On the warm, dry, and cloudless afternoon of Wednesday, May 25, at about 1 p.m., Robert B. Sparrow was riding north on Kelly Drive with a woman passenger, her arms wrapped around him on a 2004 Suzuki motorcycle.
At Breweryhill Road, Sparrow tried to turn right and hit a Mercedes-Benz traveling in the same direction to his left. Sparrow's motorcycle struck a stone embankment.
He died instantly. He was 36 years old.
His 25-year-old passenger was taken to Hahnemann University Hospital in critical condition.
Neither was wearing a helmet.
There are those who would argue that because the Pennsylvania legislature refuses to require all motorcyclists to wear protective headgear, it is complicit in these tragedies.
For decades, the state had a mandatory helmet law. But in 2003, on Gov. Ed Rendell's watch, it was repealed.
Ever since, the majority of the state's legislators has steadfastly upheld the principle of "liberty above all."
And ever since, State Rep. Dan Frankel (D., Allegheny) has been trying to persuade them to reinstate the helmet requirement.
At the end of May, he introduced yet another bill to revive the law - his fourth attempt. "I do it every session," Frankel says. "But I know it won't go anywhere."
The law, he says, is widely viewed as a commonsense public health measure.
"There is an alternative to reading these stories about fatalities and brain injuries."
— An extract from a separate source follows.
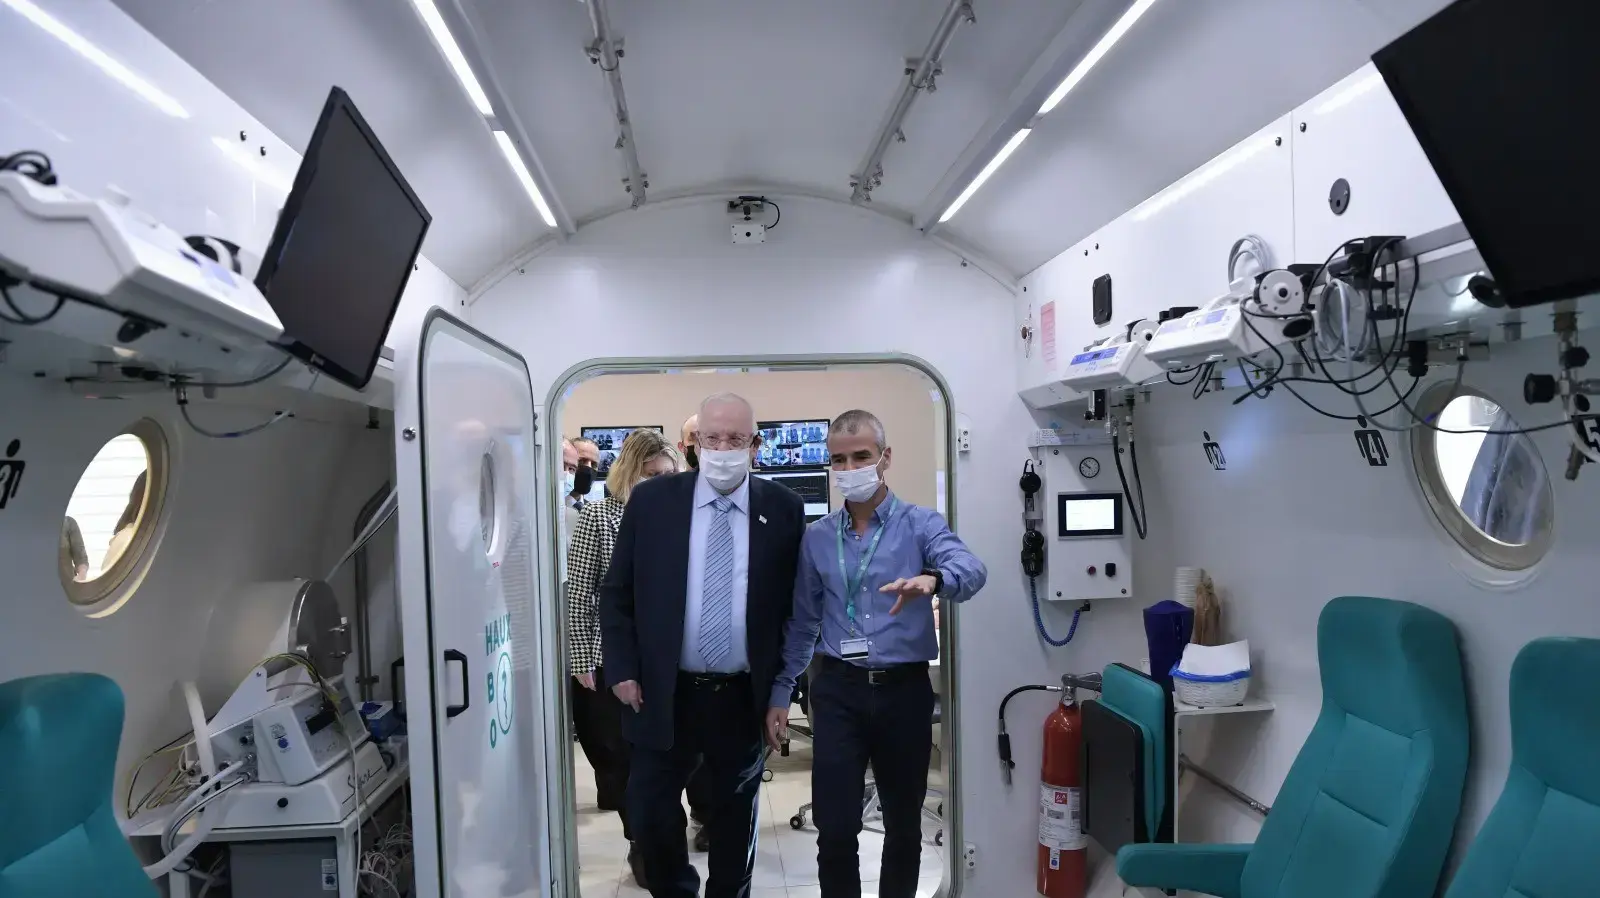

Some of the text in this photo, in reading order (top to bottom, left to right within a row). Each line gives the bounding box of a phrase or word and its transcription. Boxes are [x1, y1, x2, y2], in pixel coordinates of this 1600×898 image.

Research by universities, public policy centers, epidemiologists, neurologists, orthopedic surgeons, and government agencies has come to the same conclusion.
Helmets save lives and reduce suffering.
One study at the Johns Hopkins University School of Medicine looked at more than 40,000 motorcycle collisions between 2002 and 2006 and found that motorcyclists who wore helmets were 65 percent less likely to suffer traumatic brain injury, 22 percent less likely to suffer cervical spine injury, and 37 percent less likely to die than riders without helmets. "But single-interest groups like the bikers hold a lot of sway over lawmakers," Frankel says.
The motorcycle group ABATE (A Brotherhood Aimed Towards Education of Pennsylvania) and its political action committee, Bike PAC, have lobbied long and hard to win and maintain what members say is their freedom of choice. Like smoking cigarettes or eating fried food, they argue, riding one's chopper without a helmet is a personal decision, and no paternalistic government agency has the right to interfere.
Records provided by the National Institute on Money in State Politics show that the bikers' group contributed more than $72,000 to state legislators in 2010.
When Frankel reintroduced his legislation May 23, he brought reinforcements, including a high-ranking official from the National Transportation Safety Board, nursing and trauma specialists, and Kristen Mertz, an epidemiologist from the University of Pittsburgh who cowrote a 2008 study on the rise of deaths and injuries after the helmet law was repealed.
In response, one of ABATE's main lobbyists, Charles Umbenhauer, posted this warning on the group's website:
"Prompted in part by the state's budget deficit, Frankel also plans to introduce legislation to require additional insurance for motorcycle riders who choose not to wear a helmet. He also will introduce a bill to provide for special motorcycle license plates for riders under the age of 21.
"This is a serious threat to our freedom. Don't take it lightly. The Legislature is in the process of doing the state budget, and Frankel is trying to make a case that bikers are costing the taxpayers millions of dollars in unnecessary medical bills. He claims we can reduce all of these medical costs if a universal helmet law is reenacted to cover all motorcyclists in the commonwealth. Don't think for one minute that this guy isn't dead serious about making an honest effort to put a helmet back on every head."
Umbenhauer urged all members to rally to the Capitol and protest loudly (but politely).
"Fail to answer the call and we play right into Frankel's web of deceit. A lot of years of hard work, not to mention big bucks, went into securing your freedom of choice."
Meanwhile, the public has been laying out some pretty big bucks, too, says Frankel.
"Hospitalization costs resulting from motorcycle accidents cost the commonwealth $18 million a year. Disability and long-term care are $55 million," says Frankel.
Calculating the emotional costs to victims and their families is a lot harder. It's the principle, though, that drives the bikers.